▸ Work to complete: Please repeat the whole listing exactly, but leave the pictures out.

▸ Information supplied:

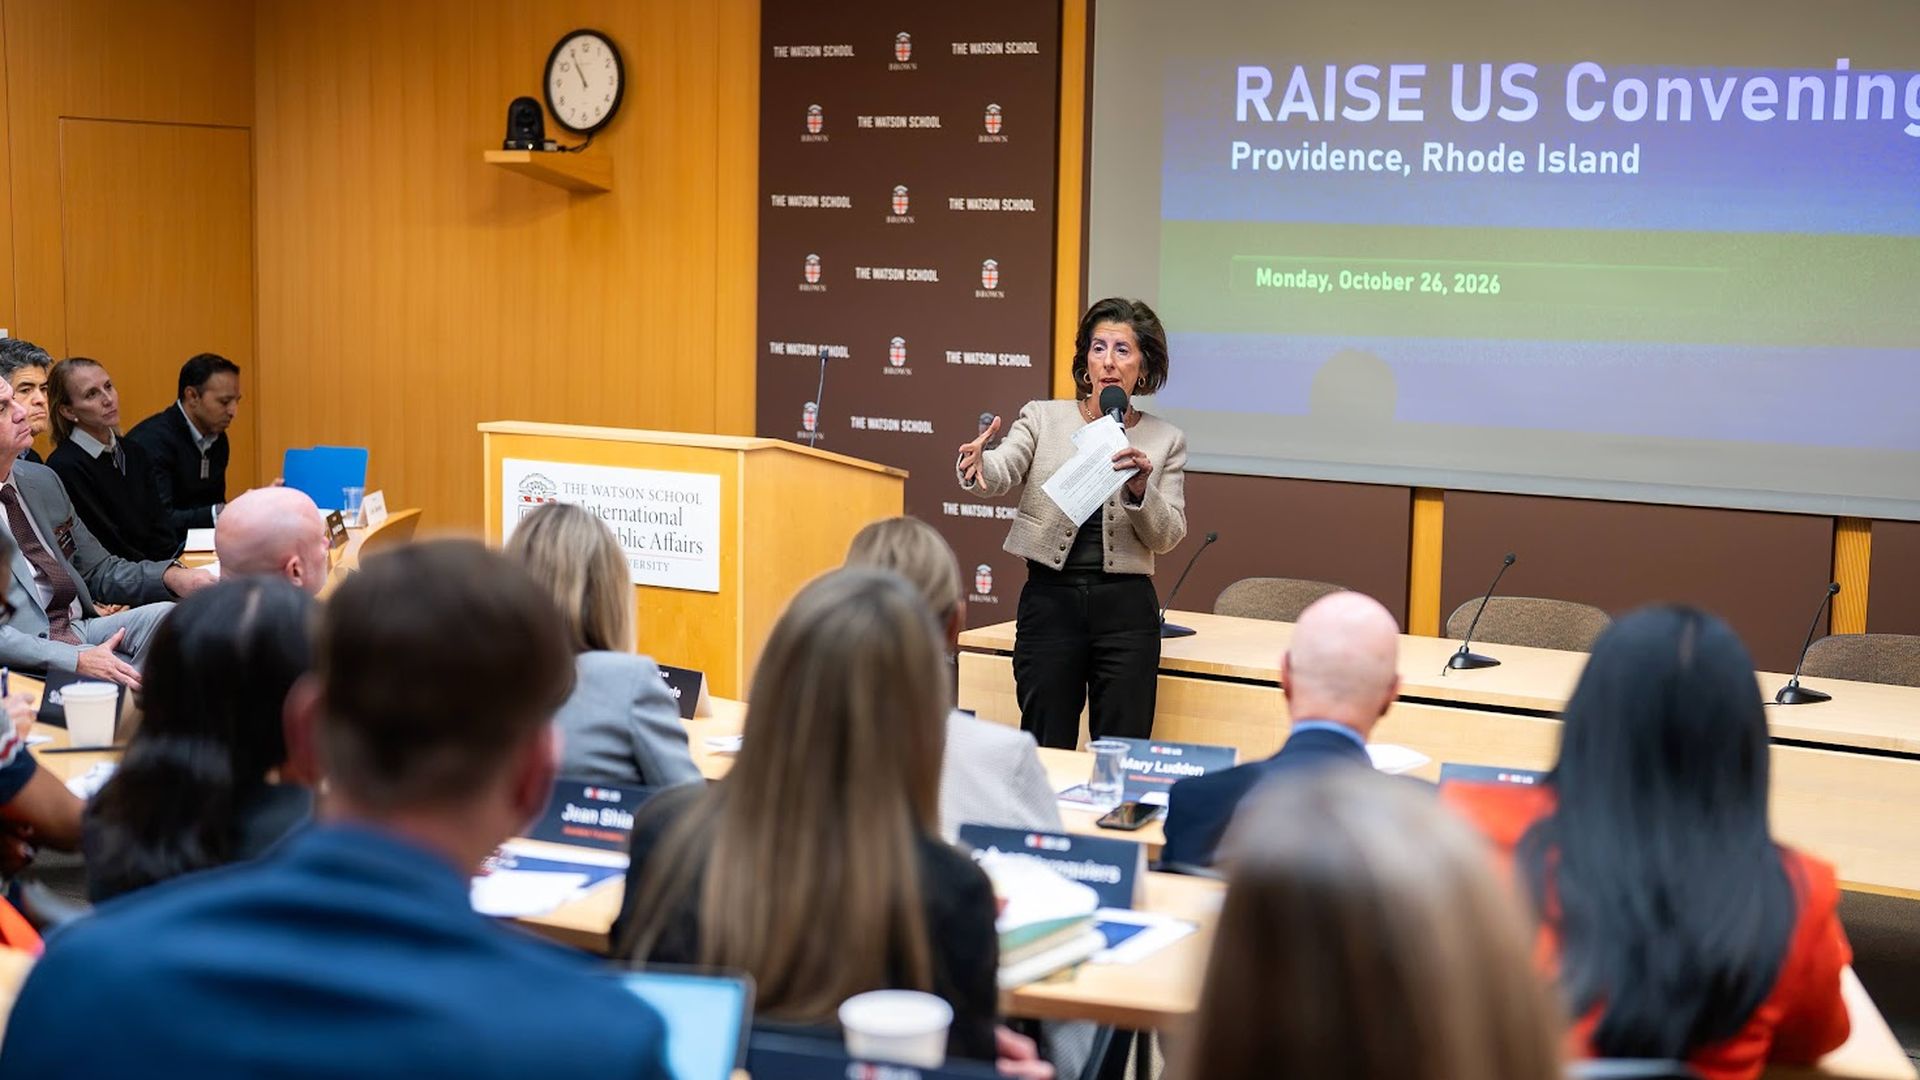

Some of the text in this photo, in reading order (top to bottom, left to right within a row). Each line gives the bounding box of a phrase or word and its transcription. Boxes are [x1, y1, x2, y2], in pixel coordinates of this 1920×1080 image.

[774, 45, 854, 57] THE WATSON SCHOOL
[952, 42, 1039, 55] THE WATSON SCHOOL
[1236, 64, 1427, 122] RAISE
[1451, 62, 1540, 122] US
[857, 116, 941, 128] THE WATSON SCHOOL
[1231, 141, 1640, 177] Providence, Rhode Island
[772, 195, 852, 208] THE WATSON SCHOOL
[949, 198, 1035, 211] THE WATSON SCHOOL
[856, 267, 939, 282] THE WATSON SCHOOL
[1256, 267, 1501, 295] Monday, October 26, 2026
[770, 342, 784, 354] THE
[786, 343, 817, 356] WATSON
[946, 351, 1032, 367] THE WATSON SCHOOL
[851, 416, 934, 433] THE WATSON SCHOOL
[562, 482, 703, 505] THE WATSON SCHOOL
[943, 502, 959, 515] THE
[960, 504, 994, 518] WATSON
[613, 526, 704, 555] blic Affairs
[1119, 757, 1205, 777] Mary Ludden

▸ Output of the exercise:
Some of the text in this photo, in reading order (top to bottom, left to right within a row). Each line gives the bounding box of a phrase or word and its transcription. Boxes are [x1, y1, x2, y2], in pixel coordinates of this 1920×1080 image.

[774, 45, 854, 57] THE WATSON SCHOOL
[952, 42, 1039, 55] THE WATSON SCHOOL
[1236, 64, 1427, 122] RAISE
[1451, 62, 1540, 122] US
[857, 116, 941, 128] THE WATSON SCHOOL
[1231, 141, 1640, 177] Providence, Rhode Island
[772, 195, 852, 208] THE WATSON SCHOOL
[949, 198, 1035, 211] THE WATSON SCHOOL
[856, 267, 939, 282] THE WATSON SCHOOL
[1256, 267, 1501, 295] Monday, October 26, 2026
[770, 342, 784, 354] THE
[786, 343, 817, 356] WATSON
[946, 351, 1032, 367] THE WATSON SCHOOL
[851, 416, 934, 433] THE WATSON SCHOOL
[562, 482, 703, 505] THE WATSON SCHOOL
[943, 502, 959, 515] THE
[960, 504, 994, 518] WATSON
[613, 526, 704, 555] blic Affairs
[1119, 757, 1205, 777] Mary Ludden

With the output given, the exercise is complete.